En muchas ocasiones he tratado de definir lo que intento hacer en estas páginas. Nacieron con vocación de diario, pero es cierto que es una labor muy complicada: causaría demasiado dolor a mi alrededor. Me refiero, claro, a un diario real, donde no mintiera demasiado, donde escribiera lo que me ha gustado o no, lo que me hace daño, lo que me parece bueno o correcto o no, y tratara de explicarlo como buenamente sé,. Por eso cuando comencé a leer este libro de Juan Malpartida vi el cielo abierto: parecía exactamente lo que yo quería hacer y no podía. Se trataba de conjugar la idea del diario personal con el ensayo, o así lo creí entonces, cuando leí: “Ensayar no es pensar menos sino dudar más.
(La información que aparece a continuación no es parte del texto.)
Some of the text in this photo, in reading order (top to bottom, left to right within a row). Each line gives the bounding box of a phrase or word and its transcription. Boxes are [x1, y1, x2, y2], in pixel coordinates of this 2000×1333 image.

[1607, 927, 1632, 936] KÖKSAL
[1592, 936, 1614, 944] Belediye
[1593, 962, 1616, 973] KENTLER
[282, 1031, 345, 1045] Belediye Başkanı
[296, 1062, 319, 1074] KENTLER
El verdadero ensayista es socrático: sabe que no sabe y por eso anda buscando entre las palabras.”

        El diario de Malpartida se desarrolla durante algo más de diez años completos: los diez últimos del siglo pasado y, de alguna manera, tratan de ser colofón a la historia de la literatura y el pensamiento españoles de una parte importante de ese siglo, no sólo en España, sino en el ámbito de la lengua española. Sería complicado afirmarlo tajantemente, pero es posible que las miras estén incluso puestas algo más allá: ¿toda la cultura occidental?, ¿incluso una cierta recepción de la cultura oriental? Hay dos factores que apuntan en esta dirección: por una parte, la labor del diarista como traductor y crítico de textos de otras lenguas y, por otra parte, la otra figura central de gran parte de estos diarios que es el poeta y ensayista, y quién sabe cuántas cosas más, Octavio Paz.
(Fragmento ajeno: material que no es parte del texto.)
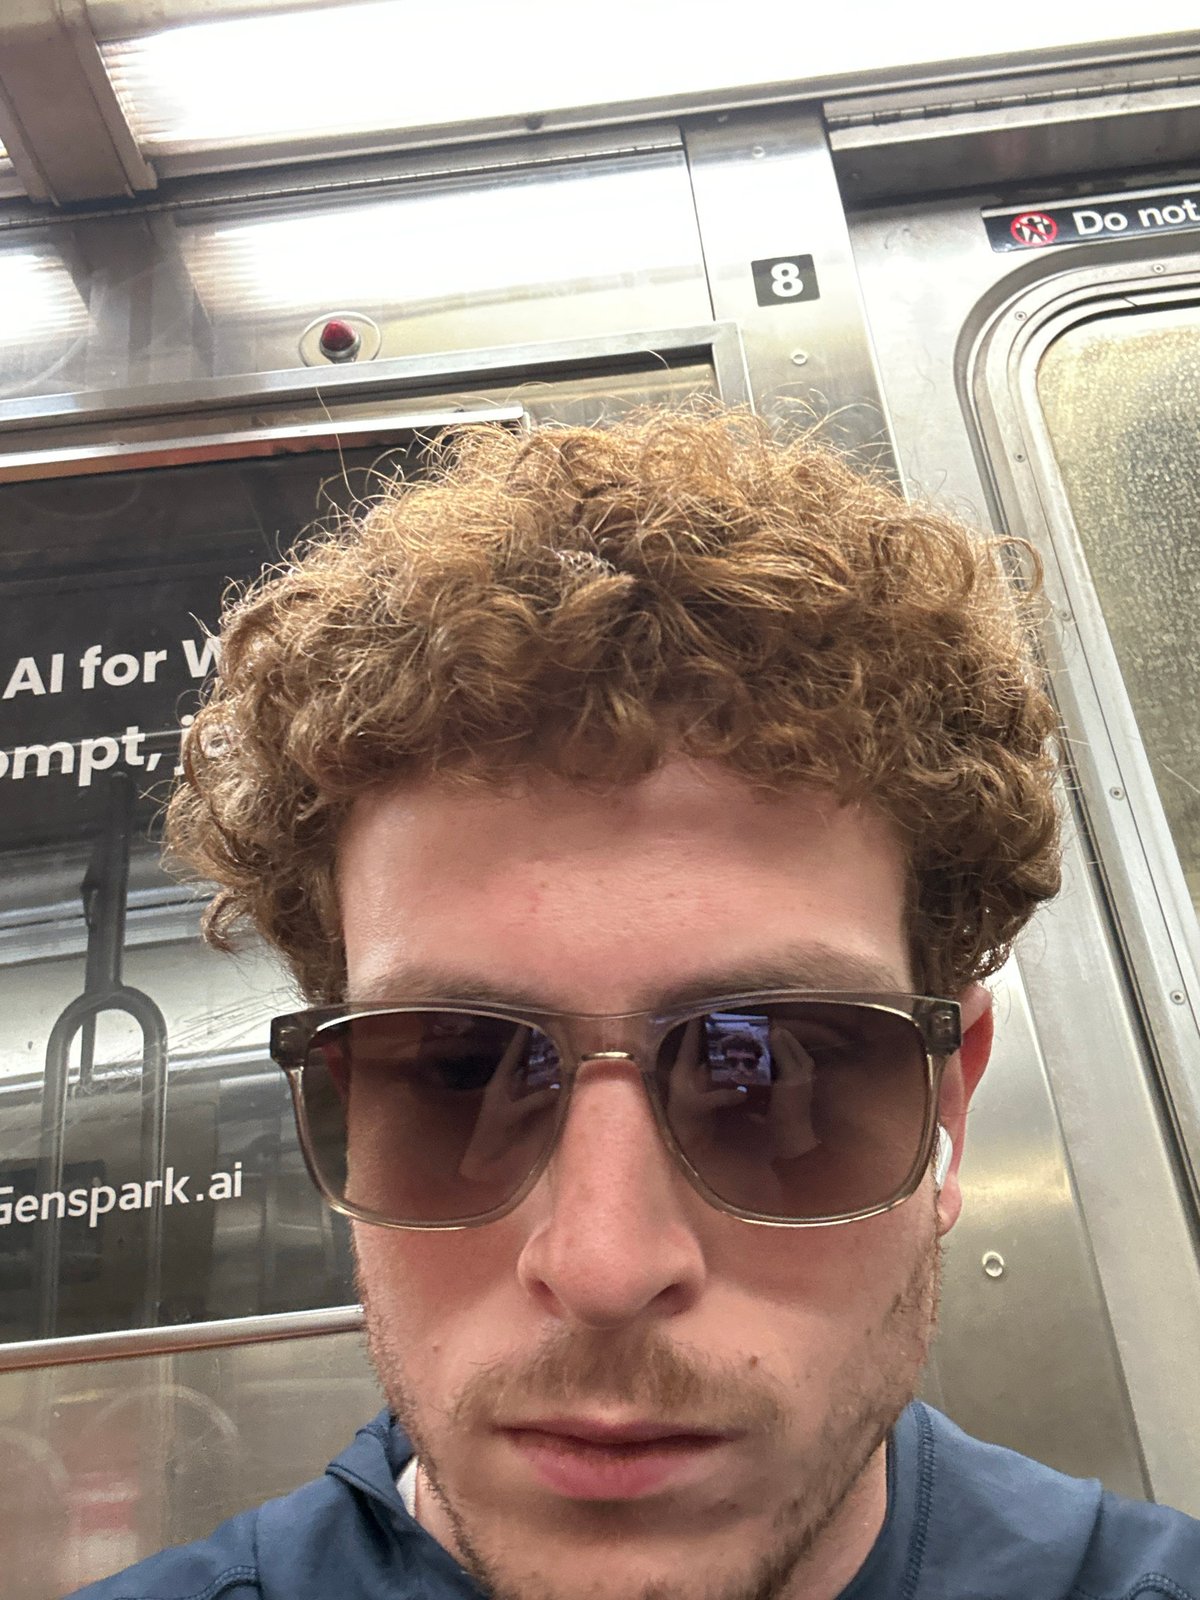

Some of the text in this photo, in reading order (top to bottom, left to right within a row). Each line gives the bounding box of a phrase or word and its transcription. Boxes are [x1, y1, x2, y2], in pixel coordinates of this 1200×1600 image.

        Así tenemos casi quinientas páginas en las que el autor nos adelanta que nos va a ofrecer dudas y vueltas de tuerca sobre algunos de los temas que han ido llenando el pasado siglo XX, y su concreción en los campos de la Literatura y el Pensamiento, en las que no dejará de lado cualquier comentario que considere necesario sobre otras disciplinas más o menos culturales o existenciales. No es difícil sospechar que esta perspectiva, y más durante las primeras entradas del libro, me hicieron aparcar todo lo demás que estuviera leyendo durante unos días. Me atraía, muy especialmente, que no buscaba, o eso me parecía entonces, ser demasiado complaciente con nadie. Detesto los textos complacientes y los servilismos, aunque luego compruebe que esa connivencia sea real. Si lo es, la puedo soportar pero, aun así, casi siempre es aburrida la fascinación y buena parte de las complicidades e, insisto, sabemos que casi todas las veces es mentira.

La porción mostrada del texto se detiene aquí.